What you have to do: Please repeat each line of the data exactly, with nothing left out.

[[ Dataset records, beginning ]]

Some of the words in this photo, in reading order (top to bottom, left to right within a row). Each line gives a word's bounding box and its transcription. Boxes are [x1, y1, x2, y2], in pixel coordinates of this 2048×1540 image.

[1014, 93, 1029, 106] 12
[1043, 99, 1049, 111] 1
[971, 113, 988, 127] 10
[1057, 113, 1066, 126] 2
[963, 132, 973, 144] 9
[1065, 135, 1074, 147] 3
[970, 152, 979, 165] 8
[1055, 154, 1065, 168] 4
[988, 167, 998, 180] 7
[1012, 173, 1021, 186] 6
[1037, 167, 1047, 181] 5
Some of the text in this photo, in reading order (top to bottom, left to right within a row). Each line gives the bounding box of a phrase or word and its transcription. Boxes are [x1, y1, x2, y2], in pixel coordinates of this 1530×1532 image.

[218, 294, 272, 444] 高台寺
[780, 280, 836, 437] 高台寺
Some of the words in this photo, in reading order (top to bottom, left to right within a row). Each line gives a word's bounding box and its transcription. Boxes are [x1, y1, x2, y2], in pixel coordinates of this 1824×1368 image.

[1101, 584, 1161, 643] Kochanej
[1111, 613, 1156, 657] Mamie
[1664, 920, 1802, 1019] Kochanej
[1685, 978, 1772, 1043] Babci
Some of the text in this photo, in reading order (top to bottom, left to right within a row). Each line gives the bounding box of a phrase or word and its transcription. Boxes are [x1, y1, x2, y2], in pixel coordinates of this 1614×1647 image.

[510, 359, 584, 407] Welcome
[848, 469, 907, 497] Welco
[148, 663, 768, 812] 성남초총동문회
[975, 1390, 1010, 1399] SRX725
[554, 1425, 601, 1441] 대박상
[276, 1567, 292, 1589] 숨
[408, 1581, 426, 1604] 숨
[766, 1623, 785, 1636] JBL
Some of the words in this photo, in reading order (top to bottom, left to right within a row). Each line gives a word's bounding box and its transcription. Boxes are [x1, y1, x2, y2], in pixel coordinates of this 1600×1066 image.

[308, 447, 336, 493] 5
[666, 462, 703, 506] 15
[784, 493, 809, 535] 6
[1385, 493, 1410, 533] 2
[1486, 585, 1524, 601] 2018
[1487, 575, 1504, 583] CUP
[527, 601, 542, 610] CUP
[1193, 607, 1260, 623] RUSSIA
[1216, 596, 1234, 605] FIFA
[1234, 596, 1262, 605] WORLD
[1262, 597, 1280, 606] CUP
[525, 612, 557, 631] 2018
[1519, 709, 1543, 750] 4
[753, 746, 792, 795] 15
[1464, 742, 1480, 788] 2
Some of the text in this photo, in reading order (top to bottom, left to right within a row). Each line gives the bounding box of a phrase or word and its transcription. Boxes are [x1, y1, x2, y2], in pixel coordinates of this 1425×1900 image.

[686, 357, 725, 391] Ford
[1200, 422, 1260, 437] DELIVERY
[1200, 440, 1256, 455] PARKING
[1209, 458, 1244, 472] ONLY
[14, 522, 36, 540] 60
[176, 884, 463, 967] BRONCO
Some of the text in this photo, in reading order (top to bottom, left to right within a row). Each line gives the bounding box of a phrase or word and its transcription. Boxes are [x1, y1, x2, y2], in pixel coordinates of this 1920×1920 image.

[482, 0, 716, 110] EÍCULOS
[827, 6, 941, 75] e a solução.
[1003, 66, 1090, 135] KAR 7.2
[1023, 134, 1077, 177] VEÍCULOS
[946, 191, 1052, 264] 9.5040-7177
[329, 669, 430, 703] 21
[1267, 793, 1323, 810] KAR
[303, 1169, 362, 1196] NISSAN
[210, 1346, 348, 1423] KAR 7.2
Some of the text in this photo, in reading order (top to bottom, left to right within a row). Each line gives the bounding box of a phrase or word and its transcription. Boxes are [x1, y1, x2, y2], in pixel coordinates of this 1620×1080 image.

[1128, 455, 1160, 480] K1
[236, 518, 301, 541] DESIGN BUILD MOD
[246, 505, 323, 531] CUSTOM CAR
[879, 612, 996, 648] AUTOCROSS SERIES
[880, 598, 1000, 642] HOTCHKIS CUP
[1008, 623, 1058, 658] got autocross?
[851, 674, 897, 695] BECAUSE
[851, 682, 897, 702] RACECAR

[[ Dataset records, end ]]

Output of the task:
Some of the words in this photo, in reading order (top to bottom, left to right within a row). Each line gives a word's bounding box and its transcription. Boxes are [x1, y1, x2, y2], in pixel coordinates of this 2048×1540 image.

[1014, 93, 1029, 106] 12
[1043, 99, 1049, 111] 1
[971, 113, 988, 127] 10
[1057, 113, 1066, 126] 2
[963, 132, 973, 144] 9
[1065, 135, 1074, 147] 3
[970, 152, 979, 165] 8
[1055, 154, 1065, 168] 4
[988, 167, 998, 180] 7
[1012, 173, 1021, 186] 6
[1037, 167, 1047, 181] 5
Some of the text in this photo, in reading order (top to bottom, left to right within a row). Each line gives the bounding box of a phrase or word and its transcription. Boxes are [x1, y1, x2, y2], in pixel coordinates of this 1530×1532 image.

[218, 294, 272, 444] 高台寺
[780, 280, 836, 437] 高台寺
Some of the words in this photo, in reading order (top to bottom, left to right within a row). Each line gives a word's bounding box and its transcription. Boxes are [x1, y1, x2, y2], in pixel coordinates of this 1824×1368 image.

[1101, 584, 1161, 643] Kochanej
[1111, 613, 1156, 657] Mamie
[1664, 920, 1802, 1019] Kochanej
[1685, 978, 1772, 1043] Babci
Some of the text in this photo, in reading order (top to bottom, left to right within a row). Each line gives the bounding box of a phrase or word and its transcription. Boxes are [x1, y1, x2, y2], in pixel coordinates of this 1614×1647 image.

[510, 359, 584, 407] Welcome
[848, 469, 907, 497] Welco
[148, 663, 768, 812] 성남초총동문회
[975, 1390, 1010, 1399] SRX725
[554, 1425, 601, 1441] 대박상
[276, 1567, 292, 1589] 숨
[408, 1581, 426, 1604] 숨
[766, 1623, 785, 1636] JBL
Some of the words in this photo, in reading order (top to bottom, left to right within a row). Each line gives a word's bounding box and its transcription. Boxes are [x1, y1, x2, y2], in pixel coordinates of this 1600×1066 image.

[308, 447, 336, 493] 5
[666, 462, 703, 506] 15
[784, 493, 809, 535] 6
[1385, 493, 1410, 533] 2
[1486, 585, 1524, 601] 2018
[1487, 575, 1504, 583] CUP
[527, 601, 542, 610] CUP
[1193, 607, 1260, 623] RUSSIA
[1216, 596, 1234, 605] FIFA
[1234, 596, 1262, 605] WORLD
[1262, 597, 1280, 606] CUP
[525, 612, 557, 631] 2018
[1519, 709, 1543, 750] 4
[753, 746, 792, 795] 15
[1464, 742, 1480, 788] 2
Some of the text in this photo, in reading order (top to bottom, left to right within a row). Each line gives the bounding box of a phrase or word and its transcription. Boxes are [x1, y1, x2, y2], in pixel coordinates of this 1425×1900 image.

[686, 357, 725, 391] Ford
[1200, 422, 1260, 437] DELIVERY
[1200, 440, 1256, 455] PARKING
[1209, 458, 1244, 472] ONLY
[14, 522, 36, 540] 60
[176, 884, 463, 967] BRONCO
Some of the text in this photo, in reading order (top to bottom, left to right within a row). Each line gives the bounding box of a phrase or word and its transcription. Boxes are [x1, y1, x2, y2], in pixel coordinates of this 1920×1920 image.

[482, 0, 716, 110] EÍCULOS
[827, 6, 941, 75] e a solução.
[1003, 66, 1090, 135] KAR 7.2
[1023, 134, 1077, 177] VEÍCULOS
[946, 191, 1052, 264] 9.5040-7177
[329, 669, 430, 703] 21
[1267, 793, 1323, 810] KAR
[303, 1169, 362, 1196] NISSAN
[210, 1346, 348, 1423] KAR 7.2
Some of the text in this photo, in reading order (top to bottom, left to right within a row). Each line gives the bounding box of a phrase or word and its transcription. Boxes are [x1, y1, x2, y2], in pixel coordinates of this 1620×1080 image.

[1128, 455, 1160, 480] K1
[236, 518, 301, 541] DESIGN BUILD MOD
[246, 505, 323, 531] CUSTOM CAR
[879, 612, 996, 648] AUTOCROSS SERIES
[880, 598, 1000, 642] HOTCHKIS CUP
[1008, 623, 1058, 658] got autocross?
[851, 674, 897, 695] BECAUSE
[851, 682, 897, 702] RACECAR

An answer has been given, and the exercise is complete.